When Andrew Harrop and I proposed similar reforms last year in the Fabian report Measure for Measure, we argued that the government should be judged by what matters for a fair and sustainable economic future. GDP growth is now well underway after the worst recession in living memory, but you don’t have to look far to find that all is not well underneath the economy’s bonnet. Average earnings, low pay, underemployment, productivity and inequality are all faltering despite the recovery. Yet we lack the official signals which warn of this risk to the economy’s health.

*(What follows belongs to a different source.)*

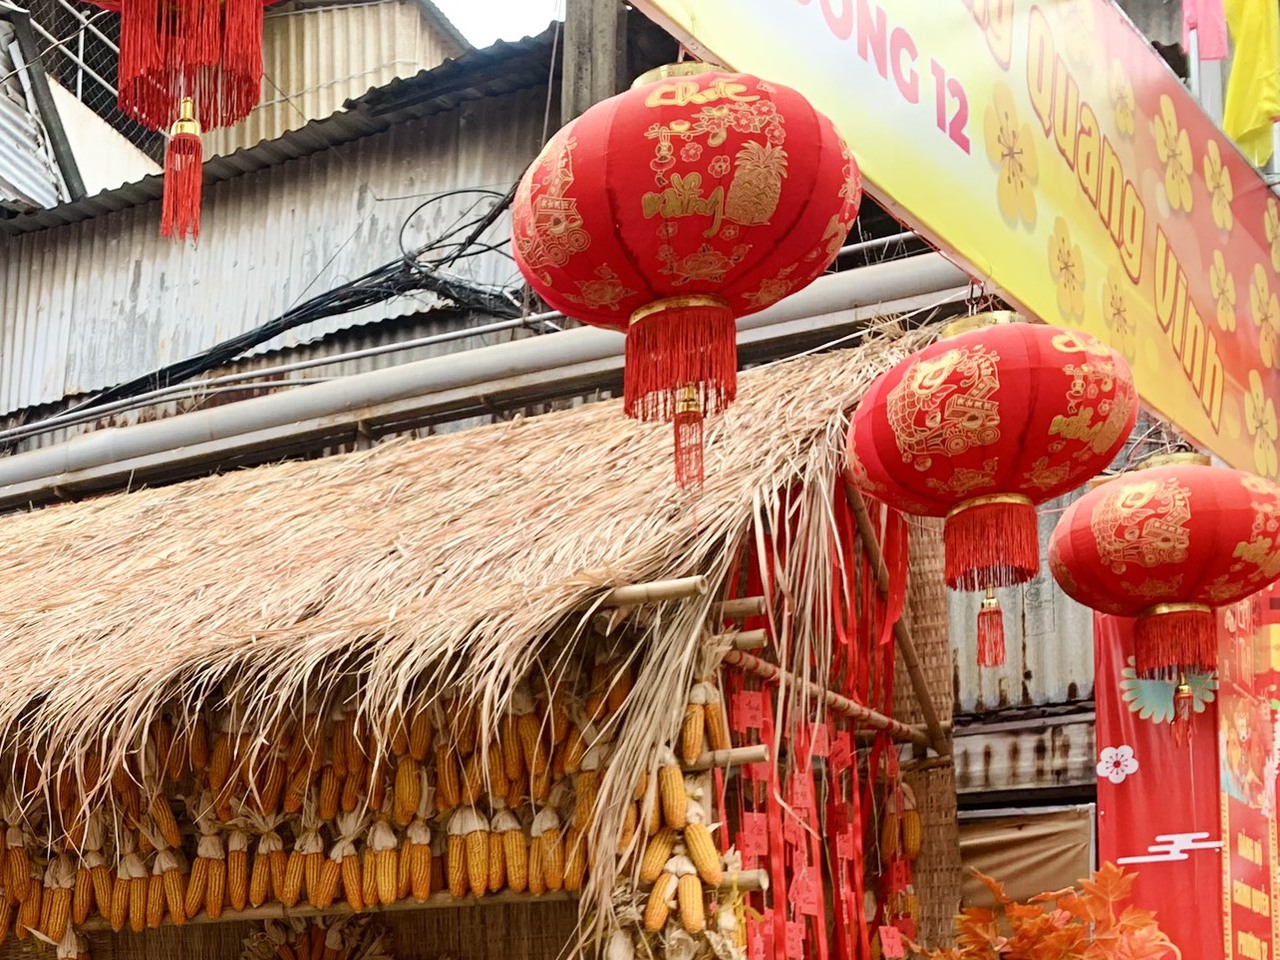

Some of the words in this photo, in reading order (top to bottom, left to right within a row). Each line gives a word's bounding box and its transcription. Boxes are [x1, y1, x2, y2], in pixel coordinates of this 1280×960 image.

[930, 57, 970, 156] 12
[1026, 5, 1146, 284] Quang
[1153, 223, 1224, 436] Vinh

Our economic yardsticks were deceptive in the years leading up to the crisis too. Despite one of the longest periods of sustained growth in UK history, the relationship between economic output and typical living standards weakened. Between 2002-03 and 2007-08 there was not a single year where real median household income increased by more than 1 per cent. It was only when growth disappeared that this decoupling become apparent.

Miliband’s announcement will have practical consequences if adopted. The metrics embodied in an LSI would be a test for policy makers: are their proposals for economic reform likely to move Britain closer to these economic objectives, and at the right pace? Future governments would need to work backwards to consider what actions will lead to change of the required direction and magnitude.

The decision for the Office for Budget Responsibility to monitor any new measures should prevent debates about economic rebalancing becoming sidelined once traditional economic indicators return to normal. In the early days of his premiership David Cameron asked the Office for National Statistics to collect data on well-being because “our success as a country is about more than economic growth”. When the going got tough on the economic front, well-being fell down the priority list. The hope is that the Labour leader’s announcement will strengthening the requirement for government to account for its performance on living standards.

Indicators and data-collection can seem like dry stuff. But if this ‘Miliband Index’ is adopted it will be a small but significant step forward for how we think about economic success. For as Lord Kelvin knew well, ultimately “what gets measured gets done”.